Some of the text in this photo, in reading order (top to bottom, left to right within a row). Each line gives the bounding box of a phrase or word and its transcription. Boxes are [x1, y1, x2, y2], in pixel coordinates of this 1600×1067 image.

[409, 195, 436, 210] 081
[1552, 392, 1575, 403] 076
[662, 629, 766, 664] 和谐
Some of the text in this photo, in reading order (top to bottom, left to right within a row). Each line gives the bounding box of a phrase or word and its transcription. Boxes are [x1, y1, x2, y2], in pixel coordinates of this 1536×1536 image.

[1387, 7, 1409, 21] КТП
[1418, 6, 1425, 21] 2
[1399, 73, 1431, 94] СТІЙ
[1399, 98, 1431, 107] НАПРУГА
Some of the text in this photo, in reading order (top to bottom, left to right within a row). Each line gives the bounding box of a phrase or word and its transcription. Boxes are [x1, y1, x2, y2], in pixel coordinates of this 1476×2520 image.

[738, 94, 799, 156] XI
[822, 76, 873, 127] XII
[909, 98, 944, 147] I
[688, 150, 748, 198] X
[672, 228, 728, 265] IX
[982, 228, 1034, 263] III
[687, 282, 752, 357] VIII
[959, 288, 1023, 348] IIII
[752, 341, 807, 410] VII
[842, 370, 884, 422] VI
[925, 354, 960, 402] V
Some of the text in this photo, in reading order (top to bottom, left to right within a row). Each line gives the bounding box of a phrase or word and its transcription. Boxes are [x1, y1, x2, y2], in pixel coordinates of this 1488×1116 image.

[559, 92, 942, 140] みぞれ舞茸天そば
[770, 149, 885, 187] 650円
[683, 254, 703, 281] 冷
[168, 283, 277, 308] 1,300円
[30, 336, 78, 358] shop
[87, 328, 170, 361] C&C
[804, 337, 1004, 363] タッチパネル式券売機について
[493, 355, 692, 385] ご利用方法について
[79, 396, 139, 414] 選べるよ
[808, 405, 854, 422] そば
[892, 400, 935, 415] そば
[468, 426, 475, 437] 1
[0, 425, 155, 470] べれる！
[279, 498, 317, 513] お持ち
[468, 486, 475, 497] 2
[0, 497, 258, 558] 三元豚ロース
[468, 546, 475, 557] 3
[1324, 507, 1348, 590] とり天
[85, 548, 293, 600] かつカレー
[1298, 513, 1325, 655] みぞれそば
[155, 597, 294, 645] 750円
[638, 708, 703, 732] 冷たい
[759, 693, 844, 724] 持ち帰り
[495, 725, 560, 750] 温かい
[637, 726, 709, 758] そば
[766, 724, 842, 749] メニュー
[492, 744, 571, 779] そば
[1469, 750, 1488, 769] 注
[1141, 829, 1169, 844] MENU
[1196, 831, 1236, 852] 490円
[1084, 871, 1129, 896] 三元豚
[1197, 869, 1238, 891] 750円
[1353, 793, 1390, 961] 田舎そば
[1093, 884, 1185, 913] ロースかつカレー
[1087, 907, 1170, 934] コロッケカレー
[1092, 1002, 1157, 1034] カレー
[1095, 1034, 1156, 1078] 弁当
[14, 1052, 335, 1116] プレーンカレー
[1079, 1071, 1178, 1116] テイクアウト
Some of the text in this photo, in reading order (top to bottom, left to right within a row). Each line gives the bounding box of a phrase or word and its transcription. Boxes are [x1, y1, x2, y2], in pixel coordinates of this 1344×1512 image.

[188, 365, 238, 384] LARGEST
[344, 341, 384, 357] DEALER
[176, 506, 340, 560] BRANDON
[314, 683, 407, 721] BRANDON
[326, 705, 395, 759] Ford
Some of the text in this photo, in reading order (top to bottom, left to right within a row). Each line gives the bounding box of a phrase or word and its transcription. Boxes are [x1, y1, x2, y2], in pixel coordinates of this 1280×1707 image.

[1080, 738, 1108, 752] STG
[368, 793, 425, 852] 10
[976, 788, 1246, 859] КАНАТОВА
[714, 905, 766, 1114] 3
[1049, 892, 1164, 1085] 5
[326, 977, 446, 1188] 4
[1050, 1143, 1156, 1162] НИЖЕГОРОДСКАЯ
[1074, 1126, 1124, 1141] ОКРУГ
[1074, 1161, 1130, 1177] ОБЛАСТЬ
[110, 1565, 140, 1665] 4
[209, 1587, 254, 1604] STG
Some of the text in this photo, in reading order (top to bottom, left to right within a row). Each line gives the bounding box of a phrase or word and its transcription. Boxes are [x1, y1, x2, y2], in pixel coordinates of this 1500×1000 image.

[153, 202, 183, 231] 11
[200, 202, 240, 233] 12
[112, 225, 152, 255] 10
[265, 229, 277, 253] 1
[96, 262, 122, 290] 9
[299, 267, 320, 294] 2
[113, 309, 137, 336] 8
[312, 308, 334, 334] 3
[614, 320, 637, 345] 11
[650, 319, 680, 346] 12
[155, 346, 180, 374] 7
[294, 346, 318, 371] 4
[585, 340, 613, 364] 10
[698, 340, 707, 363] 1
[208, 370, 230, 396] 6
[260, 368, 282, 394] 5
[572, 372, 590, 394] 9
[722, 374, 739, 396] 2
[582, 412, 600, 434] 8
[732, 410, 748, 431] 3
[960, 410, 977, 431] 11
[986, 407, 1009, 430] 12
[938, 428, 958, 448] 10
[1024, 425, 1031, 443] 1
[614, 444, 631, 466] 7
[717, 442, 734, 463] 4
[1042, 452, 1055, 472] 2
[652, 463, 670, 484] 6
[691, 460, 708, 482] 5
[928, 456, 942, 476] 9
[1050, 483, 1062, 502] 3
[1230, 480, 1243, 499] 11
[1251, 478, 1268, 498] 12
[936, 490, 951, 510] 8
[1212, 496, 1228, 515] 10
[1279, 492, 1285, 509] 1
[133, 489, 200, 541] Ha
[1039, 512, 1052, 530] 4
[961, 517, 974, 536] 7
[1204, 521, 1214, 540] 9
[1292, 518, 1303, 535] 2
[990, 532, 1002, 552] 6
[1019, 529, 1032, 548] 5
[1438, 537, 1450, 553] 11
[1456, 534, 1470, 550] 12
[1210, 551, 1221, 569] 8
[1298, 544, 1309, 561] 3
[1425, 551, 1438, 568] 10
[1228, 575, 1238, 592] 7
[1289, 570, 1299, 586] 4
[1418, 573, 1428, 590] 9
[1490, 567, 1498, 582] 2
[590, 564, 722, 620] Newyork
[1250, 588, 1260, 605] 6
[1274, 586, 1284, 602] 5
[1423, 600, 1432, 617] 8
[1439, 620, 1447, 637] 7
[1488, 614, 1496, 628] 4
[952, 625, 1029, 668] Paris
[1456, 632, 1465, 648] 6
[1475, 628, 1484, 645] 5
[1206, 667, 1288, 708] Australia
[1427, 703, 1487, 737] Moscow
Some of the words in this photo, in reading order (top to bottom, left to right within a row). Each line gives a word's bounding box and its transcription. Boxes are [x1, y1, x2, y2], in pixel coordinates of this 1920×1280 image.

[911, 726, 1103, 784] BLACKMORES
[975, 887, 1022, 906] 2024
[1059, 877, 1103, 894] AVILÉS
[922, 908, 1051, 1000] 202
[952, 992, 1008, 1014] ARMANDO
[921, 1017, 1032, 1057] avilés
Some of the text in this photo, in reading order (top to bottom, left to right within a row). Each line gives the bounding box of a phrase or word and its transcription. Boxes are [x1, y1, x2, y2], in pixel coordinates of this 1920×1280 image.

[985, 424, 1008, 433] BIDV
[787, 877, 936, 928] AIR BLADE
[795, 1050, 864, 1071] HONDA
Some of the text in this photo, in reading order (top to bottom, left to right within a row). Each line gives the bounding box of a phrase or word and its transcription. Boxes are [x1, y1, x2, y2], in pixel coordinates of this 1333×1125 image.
◇ ◇ ◇
◆ WHAT THE EXERCISE ASKS
Quote the data in full, keeping each word unchanged.

◆ OUTPUT BELOW
Some of the text in this photo, in reading order (top to bottom, left to right within a row). Each line gives the bounding box of a phrase or word and its transcription. Boxes are [x1, y1, x2, y2], in pixel coordinates of this 1600×1067 image.

[409, 195, 436, 210] 081
[1552, 392, 1575, 403] 076
[662, 629, 766, 664] 和谐
Some of the text in this photo, in reading order (top to bottom, left to right within a row). Each line gives the bounding box of a phrase or word and its transcription. Boxes are [x1, y1, x2, y2], in pixel coordinates of this 1536×1536 image.

[1387, 7, 1409, 21] КТП
[1418, 6, 1425, 21] 2
[1399, 73, 1431, 94] СТІЙ
[1399, 98, 1431, 107] НАПРУГА
Some of the text in this photo, in reading order (top to bottom, left to right within a row). Each line gives the bounding box of a phrase or word and its transcription. Boxes are [x1, y1, x2, y2], in pixel coordinates of this 1476×2520 image.

[738, 94, 799, 156] XI
[822, 76, 873, 127] XII
[909, 98, 944, 147] I
[688, 150, 748, 198] X
[672, 228, 728, 265] IX
[982, 228, 1034, 263] III
[687, 282, 752, 357] VIII
[959, 288, 1023, 348] IIII
[752, 341, 807, 410] VII
[842, 370, 884, 422] VI
[925, 354, 960, 402] V
Some of the text in this photo, in reading order (top to bottom, left to right within a row). Each line gives the bounding box of a phrase or word and its transcription. Boxes are [x1, y1, x2, y2], in pixel coordinates of this 1488×1116 image.

[559, 92, 942, 140] みぞれ舞茸天そば
[770, 149, 885, 187] 650円
[683, 254, 703, 281] 冷
[168, 283, 277, 308] 1,300円
[30, 336, 78, 358] shop
[87, 328, 170, 361] C&C
[804, 337, 1004, 363] タッチパネル式券売機について
[493, 355, 692, 385] ご利用方法について
[79, 396, 139, 414] 選べるよ
[808, 405, 854, 422] そば
[892, 400, 935, 415] そば
[468, 426, 475, 437] 1
[0, 425, 155, 470] べれる！
[279, 498, 317, 513] お持ち
[468, 486, 475, 497] 2
[0, 497, 258, 558] 三元豚ロース
[468, 546, 475, 557] 3
[1324, 507, 1348, 590] とり天
[85, 548, 293, 600] かつカレー
[1298, 513, 1325, 655] みぞれそば
[155, 597, 294, 645] 750円
[638, 708, 703, 732] 冷たい
[759, 693, 844, 724] 持ち帰り
[495, 725, 560, 750] 温かい
[637, 726, 709, 758] そば
[766, 724, 842, 749] メニュー
[492, 744, 571, 779] そば
[1469, 750, 1488, 769] 注
[1141, 829, 1169, 844] MENU
[1196, 831, 1236, 852] 490円
[1084, 871, 1129, 896] 三元豚
[1197, 869, 1238, 891] 750円
[1353, 793, 1390, 961] 田舎そば
[1093, 884, 1185, 913] ロースかつカレー
[1087, 907, 1170, 934] コロッケカレー
[1092, 1002, 1157, 1034] カレー
[1095, 1034, 1156, 1078] 弁当
[14, 1052, 335, 1116] プレーンカレー
[1079, 1071, 1178, 1116] テイクアウト
Some of the text in this photo, in reading order (top to bottom, left to right within a row). Each line gives the bounding box of a phrase or word and its transcription. Boxes are [x1, y1, x2, y2], in pixel coordinates of this 1344×1512 image.

[188, 365, 238, 384] LARGEST
[344, 341, 384, 357] DEALER
[176, 506, 340, 560] BRANDON
[314, 683, 407, 721] BRANDON
[326, 705, 395, 759] Ford
Some of the text in this photo, in reading order (top to bottom, left to right within a row). Each line gives the bounding box of a phrase or word and its transcription. Boxes are [x1, y1, x2, y2], in pixel coordinates of this 1280×1707 image.

[1080, 738, 1108, 752] STG
[368, 793, 425, 852] 10
[976, 788, 1246, 859] КАНАТОВА
[714, 905, 766, 1114] 3
[1049, 892, 1164, 1085] 5
[326, 977, 446, 1188] 4
[1050, 1143, 1156, 1162] НИЖЕГОРОДСКАЯ
[1074, 1126, 1124, 1141] ОКРУГ
[1074, 1161, 1130, 1177] ОБЛАСТЬ
[110, 1565, 140, 1665] 4
[209, 1587, 254, 1604] STG
Some of the text in this photo, in reading order (top to bottom, left to right within a row). Each line gives the bounding box of a phrase or word and its transcription. Boxes are [x1, y1, x2, y2], in pixel coordinates of this 1500×1000 image.

[153, 202, 183, 231] 11
[200, 202, 240, 233] 12
[112, 225, 152, 255] 10
[265, 229, 277, 253] 1
[96, 262, 122, 290] 9
[299, 267, 320, 294] 2
[113, 309, 137, 336] 8
[312, 308, 334, 334] 3
[614, 320, 637, 345] 11
[650, 319, 680, 346] 12
[155, 346, 180, 374] 7
[294, 346, 318, 371] 4
[585, 340, 613, 364] 10
[698, 340, 707, 363] 1
[208, 370, 230, 396] 6
[260, 368, 282, 394] 5
[572, 372, 590, 394] 9
[722, 374, 739, 396] 2
[582, 412, 600, 434] 8
[732, 410, 748, 431] 3
[960, 410, 977, 431] 11
[986, 407, 1009, 430] 12
[938, 428, 958, 448] 10
[1024, 425, 1031, 443] 1
[614, 444, 631, 466] 7
[717, 442, 734, 463] 4
[1042, 452, 1055, 472] 2
[652, 463, 670, 484] 6
[691, 460, 708, 482] 5
[928, 456, 942, 476] 9
[1050, 483, 1062, 502] 3
[1230, 480, 1243, 499] 11
[1251, 478, 1268, 498] 12
[936, 490, 951, 510] 8
[1212, 496, 1228, 515] 10
[1279, 492, 1285, 509] 1
[133, 489, 200, 541] Ha
[1039, 512, 1052, 530] 4
[961, 517, 974, 536] 7
[1204, 521, 1214, 540] 9
[1292, 518, 1303, 535] 2
[990, 532, 1002, 552] 6
[1019, 529, 1032, 548] 5
[1438, 537, 1450, 553] 11
[1456, 534, 1470, 550] 12
[1210, 551, 1221, 569] 8
[1298, 544, 1309, 561] 3
[1425, 551, 1438, 568] 10
[1228, 575, 1238, 592] 7
[1289, 570, 1299, 586] 4
[1418, 573, 1428, 590] 9
[1490, 567, 1498, 582] 2
[590, 564, 722, 620] Newyork
[1250, 588, 1260, 605] 6
[1274, 586, 1284, 602] 5
[1423, 600, 1432, 617] 8
[1439, 620, 1447, 637] 7
[1488, 614, 1496, 628] 4
[952, 625, 1029, 668] Paris
[1456, 632, 1465, 648] 6
[1475, 628, 1484, 645] 5
[1206, 667, 1288, 708] Australia
[1427, 703, 1487, 737] Moscow
Some of the words in this photo, in reading order (top to bottom, left to right within a row). Each line gives a word's bounding box and its transcription. Boxes are [x1, y1, x2, y2], in pixel coordinates of this 1920×1280 image.

[911, 726, 1103, 784] BLACKMORES
[975, 887, 1022, 906] 2024
[1059, 877, 1103, 894] AVILÉS
[922, 908, 1051, 1000] 202
[952, 992, 1008, 1014] ARMANDO
[921, 1017, 1032, 1057] avilés
Some of the text in this photo, in reading order (top to bottom, left to right within a row). Each line gives the bounding box of a phrase or word and its transcription. Boxes are [x1, y1, x2, y2], in pixel coordinates of this 1920×1280 image.

[985, 424, 1008, 433] BIDV
[787, 877, 936, 928] AIR BLADE
[795, 1050, 864, 1071] HONDA
Some of the text in this photo, in reading order (top to bottom, left to right within a row). Each line gives the bounding box of a phrase or word and its transcription. Boxes are [x1, y1, x2, y2], in pixel coordinates of this 1333×1125 image.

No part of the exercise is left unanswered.